L’écoute téléphonique : d’un apaisement à un savoir sur soi
Lucille Mendes
Paris le 1er novembre 2017
Le Service d’Écoute Téléphonique d’Urgence? (SÉTU ?) est un dispositif clinique mis en place par le Réseau pour la Psychanalyse à l’Hôpital (RPH – École de psychanalyse). Il s’agit de permanences téléphoniques assurées 24h/24, 7j/7 par des cliniciens du Réseau. Ces cliniciens occupent, vis-à-vis des personnes qu’ils reçoivent en consultation, la position de psychothérapeute ou de supposé-psychanalyste1.
Chaque année, les cliniciens qui assurent ces permanences font le même constat : vacances d’été, week-ends, jours fériés, les appels sur la ligne téléphonique du SÉTU ? se font plus nombreux. Les appelants disent bien souvent qu’ils contactent le SÉTU ? car ils ne trouvent nulle part ailleurs où déposer leurs paroles. Par exemple, un appelant nous dit : « Je vous appelle car tous les autres services sont fermés, comme si les jours fériés je n’avais plus le droit de souffrir ». Un autre nous indique : « J’ai trouvé votre numéro. Je suis déjà suivi par une psychologue mais elle est partie en vacances. Je ne peux pas attendre son retour pour parler à quelqu’un ».
Cette première écoute des symptômes qui font souffrir les appelants permet la plupart du temps un apaisement direct – « rien que le fait de vous parler, ça va déjà mieux », dit l’un d’entre eux. Cette parole et les interventions du clinicien, qui visent à faire naître le transfert, peuvent avoir déjà aussi un effet sur la résistance du surmoi. La résistance du surmoi prend racine dans un sentiment de culpabilité inconscient et un besoin de punition. Elle pousse l’être dans des voies destructrices pour sa vie – « J’ai honte de vous dire ça mais je pense même à prendre des médicaments pour ne plus souffrir, pour m’endormir, pour ne plus y penser », confie un appelant. Le premier appel au SÉTU ? peut permettre déjà de viser cette résistance du surmoi et d’ouvrir une autre voie, celle de la parole.
C’est pour ces raisons aussi que les cliniciens du RPH laissent la possibilité aux patients et aux psychanalysants qu’ils reçoivent en consultation de les contacter en cas d’urgence en dehors des séances ou pendant leurs vacances.

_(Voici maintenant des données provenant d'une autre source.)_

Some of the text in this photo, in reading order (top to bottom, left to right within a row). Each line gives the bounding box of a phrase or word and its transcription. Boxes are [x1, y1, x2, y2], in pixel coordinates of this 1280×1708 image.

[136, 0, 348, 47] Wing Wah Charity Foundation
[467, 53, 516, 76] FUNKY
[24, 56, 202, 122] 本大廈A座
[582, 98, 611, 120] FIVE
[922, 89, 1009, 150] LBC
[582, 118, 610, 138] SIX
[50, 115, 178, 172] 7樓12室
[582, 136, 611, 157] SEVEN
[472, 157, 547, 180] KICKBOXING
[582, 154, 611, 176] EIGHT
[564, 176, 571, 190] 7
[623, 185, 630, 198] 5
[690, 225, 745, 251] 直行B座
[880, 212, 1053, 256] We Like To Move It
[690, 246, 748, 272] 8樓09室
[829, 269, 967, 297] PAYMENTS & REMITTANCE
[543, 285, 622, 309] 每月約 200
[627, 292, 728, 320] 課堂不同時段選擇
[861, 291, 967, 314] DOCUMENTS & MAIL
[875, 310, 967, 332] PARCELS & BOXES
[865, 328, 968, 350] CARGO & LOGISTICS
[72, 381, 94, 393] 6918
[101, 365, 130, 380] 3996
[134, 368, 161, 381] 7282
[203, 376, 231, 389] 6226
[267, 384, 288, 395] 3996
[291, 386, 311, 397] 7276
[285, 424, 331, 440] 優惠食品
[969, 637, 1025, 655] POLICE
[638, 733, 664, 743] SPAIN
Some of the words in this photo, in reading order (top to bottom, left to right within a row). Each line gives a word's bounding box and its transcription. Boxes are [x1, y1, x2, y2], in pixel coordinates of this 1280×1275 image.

En effet, durant les périodes où l’angoisse est à son acmé, savoir qu’il est possible de parler au clinicien qui conduit sa cure permet déjà d’apaiser l’être. De plus, ces séances téléphoniques donnent l’accès à un matériel clinique précieux pour l’avancée de la cure.
Enfin, dans certains cas, la rencontre téléphonique au SÉTU ? avec un clinicien du RPH peut éveiller en l’être souffrant un désir de reconnaissance « du conflit entre le moi et le désir inconscient »2 voire un désir de savoir – « je me demande vraiment pourquoi je me retrouve toujours dans une position d’objet dans mes relations », s’interroge une appelante. L’appel téléphonique devient alors une porte d’entrée vers une psychothérapie ou une psychanalyse ; vers un savoir sur ce que les symptômes ont à exprimer que l’être ignore encore.
1 D’après la cartographie du RPH, établie par Fernando de Amorim, le psychanalysant installe le clinicien qui conduit sa cure dans la position de supposé-psychanalyste lorsqu’il entre en psychanalyse. C’est à la sortie de sa psychanalyse, lorsque le psychanalysant devient sujet, que le supposé-psychanalyste est reconnu, par ses pairs, psychanalyste de cette cure.
2 Amorim (de), F. (2008). Tentative d’une clinique psychanalytique avec les malades et les patients de médecine, RPH, Paris, p. 144.